CHANGES IN HEMODYNAMIC AND METABOLIC PARAMETERS FOLLOWING INDUCED BRAIN DEATH IN THE PIG

Abstract
Changes in hemodynamic and metabolic parameters (systemic oxygen delivery, [ḊO2], oxygen consumption [O2], arterial lactate content) in brain-dead and control pigs in the absence of any inotropic or fluid support were studied. Brain death was induced by the inflation of a Foley catheter balloon placed into the subdural space of the animals. Serial atrial natriuretic peptide (ANP) determinations were performed to evaluate concomitant changes occurring in the endocrine function of the heart. Experiments were completed by a volume expansion protocol to provide a dynamic evaluation of these parameters. A significant increase in heart rate (from 113±5 to 176±11 beats/ min), pulmonary capillary wedge pressure (from 7±1 to 12±3 mmHg), dP/dt (from 2040±340 to 4200±660 mmHg/sec−1), cardiac output (from 2.4±0.2 to 3.3±0.4 L/min), mean arterial pressure (from 66±8 to 93±14 mmHg), and systemic oxygen delivery (from 360±30 to 530±90 ml/min−1), was observed following brain death induction. These parameters returned below basal values within 60 min. On the contrary, serum lactate and O2 remained unchanged. Following volume expansion, brain-dead pigs exhibited impaired hemodynamic response, with a significant decrease in dP/dt, MAP, and ḊO2. These changes were accompanied by a significant decrease in O2 and a significant increase in lactate plasma levels.

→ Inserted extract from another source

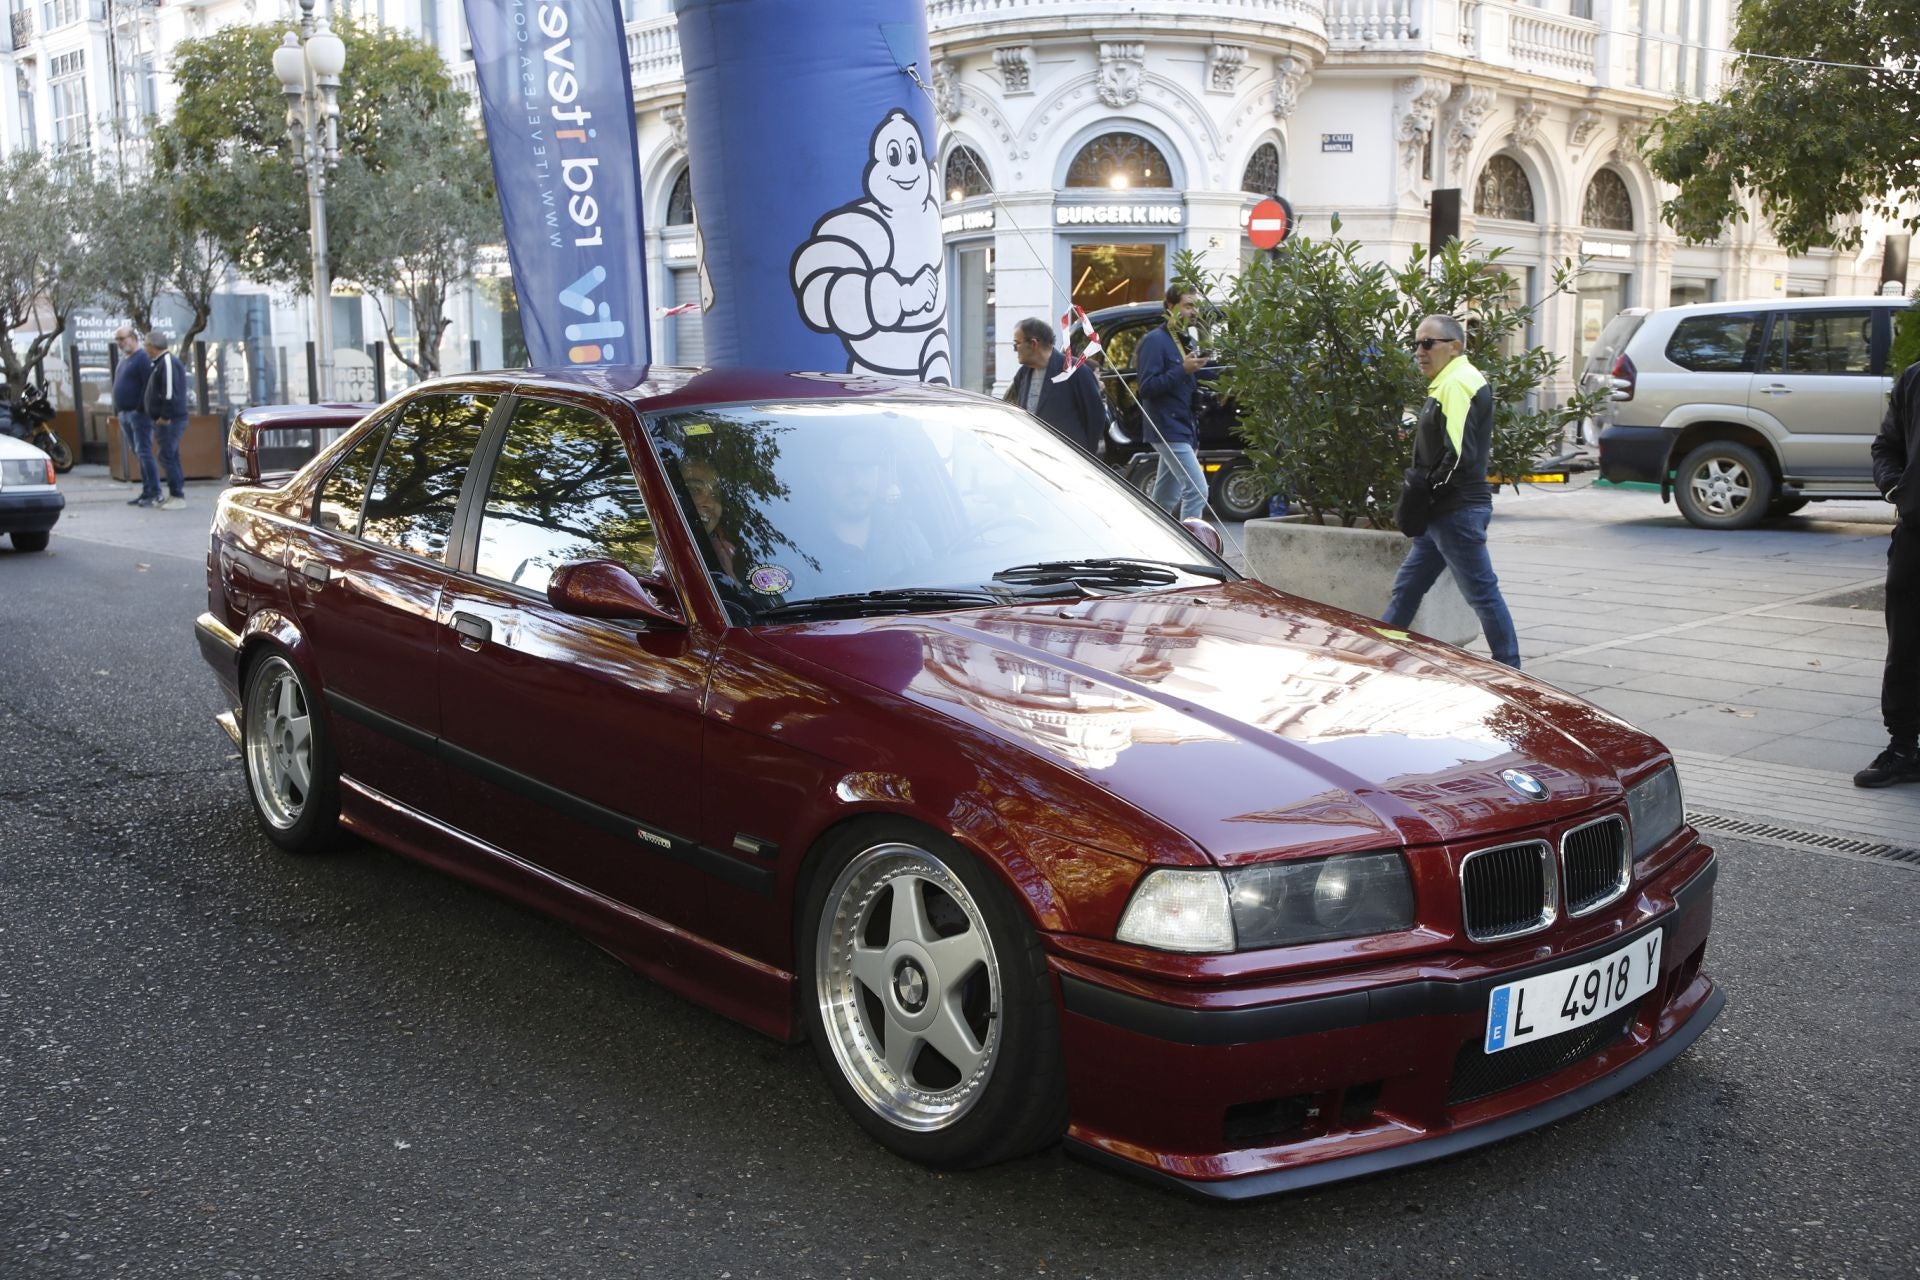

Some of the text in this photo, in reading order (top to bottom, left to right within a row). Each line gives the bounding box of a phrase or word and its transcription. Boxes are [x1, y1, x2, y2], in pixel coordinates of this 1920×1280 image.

At the same time, a similar increase in ANP release was observed in both groups in response to volume expansion, suggesting that despite impaired myocardial contractility, endocrine function of the heart was preserved following brain death. We conclude that brain death leads to early impaired left ventricular contractility, which could be responsible for the changes observed in aerobic to anaerobic metabolism in response to rapid volume infusion. These results suggest that the use of fluid infusion to reduce the need in inotropic support in conventional therapeutic modalities should be used with care in the management of a brain-dead potential organ donor.